Give back every record exactly, images excluded.

----- Input data -----

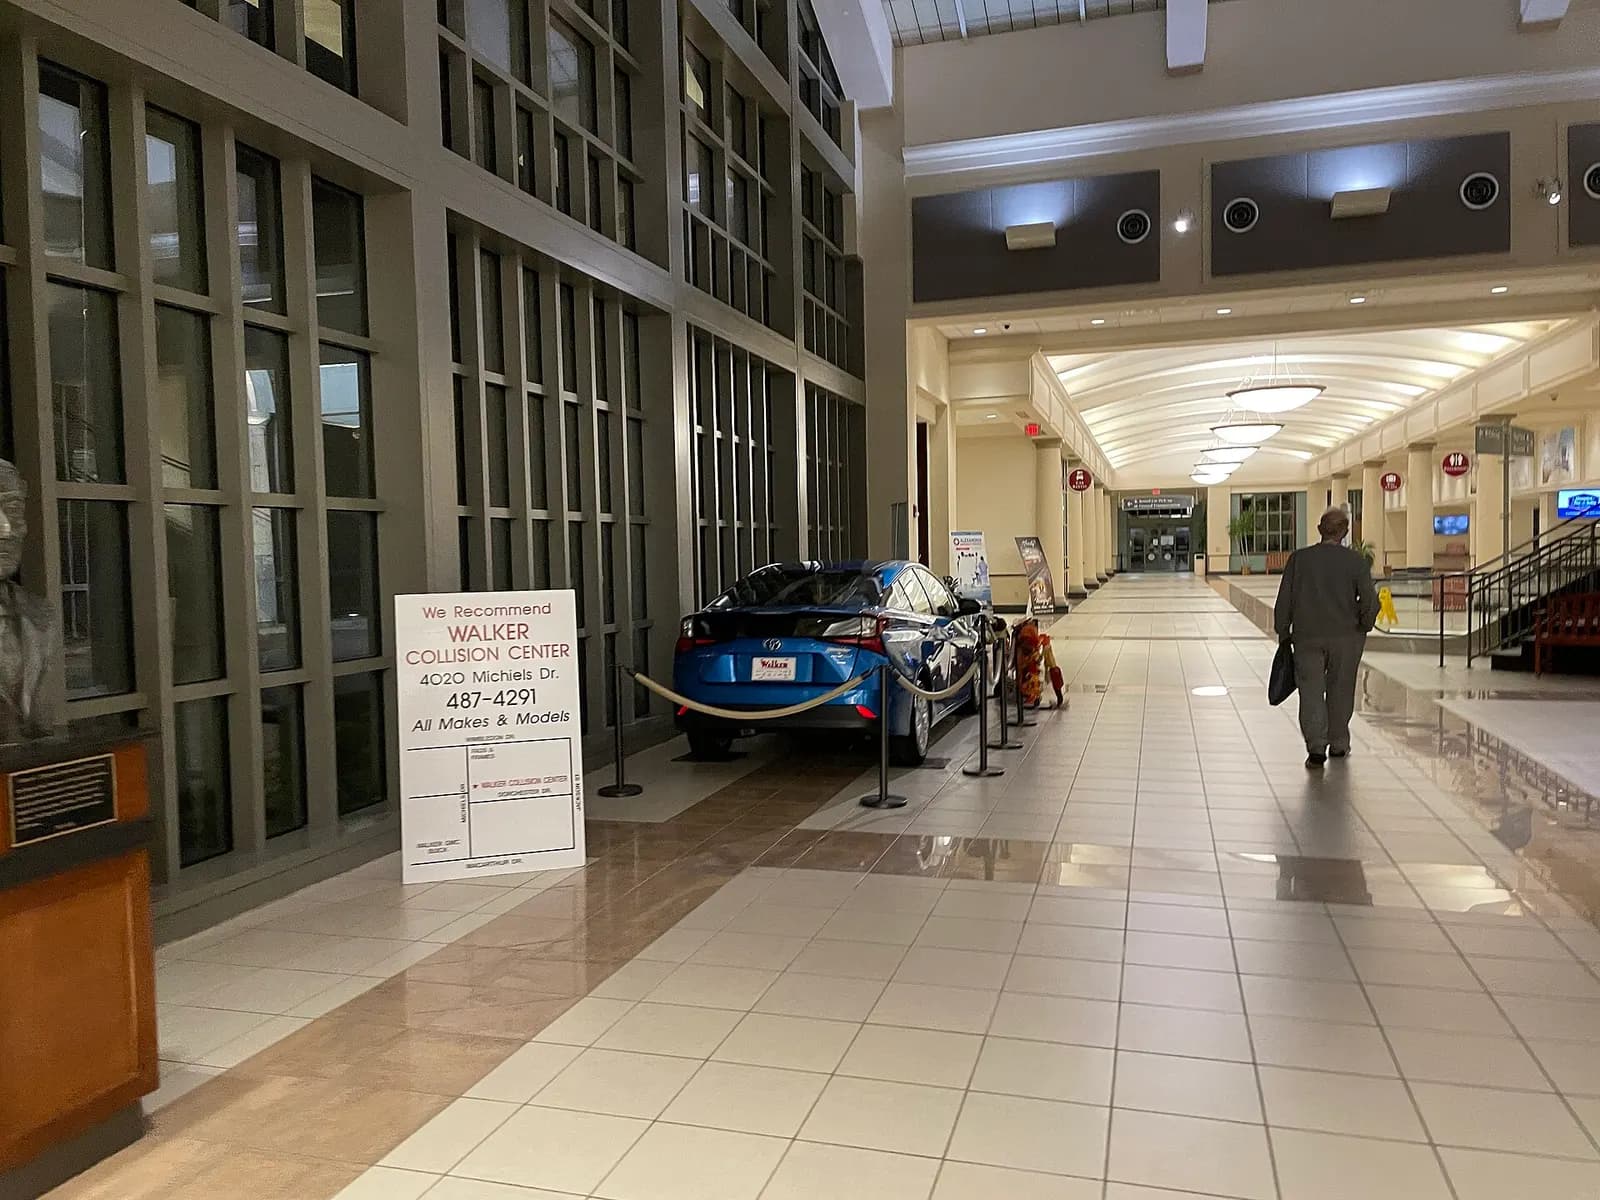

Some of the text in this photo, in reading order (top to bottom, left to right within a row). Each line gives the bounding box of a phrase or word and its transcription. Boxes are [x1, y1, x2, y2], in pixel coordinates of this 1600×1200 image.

[422, 602, 552, 618] We Recommend
[448, 623, 529, 642] WALKER
[406, 643, 570, 665] COLLISION CENTER
[420, 668, 560, 686] 4020 Michiels Dr.
[446, 688, 536, 710] 487-4291
[412, 710, 570, 732] All Makes & Models
[508, 778, 542, 786] COLLISION

-----

Answer box
Some of the text in this photo, in reading order (top to bottom, left to right within a row). Each line gives the bounding box of a phrase or word and its transcription. Boxes are [x1, y1, x2, y2], in pixel coordinates of this 1600×1200 image.

[422, 602, 552, 618] We Recommend
[448, 623, 529, 642] WALKER
[406, 643, 570, 665] COLLISION CENTER
[420, 668, 560, 686] 4020 Michiels Dr.
[446, 688, 536, 710] 487-4291
[412, 710, 570, 732] All Makes & Models
[508, 778, 542, 786] COLLISION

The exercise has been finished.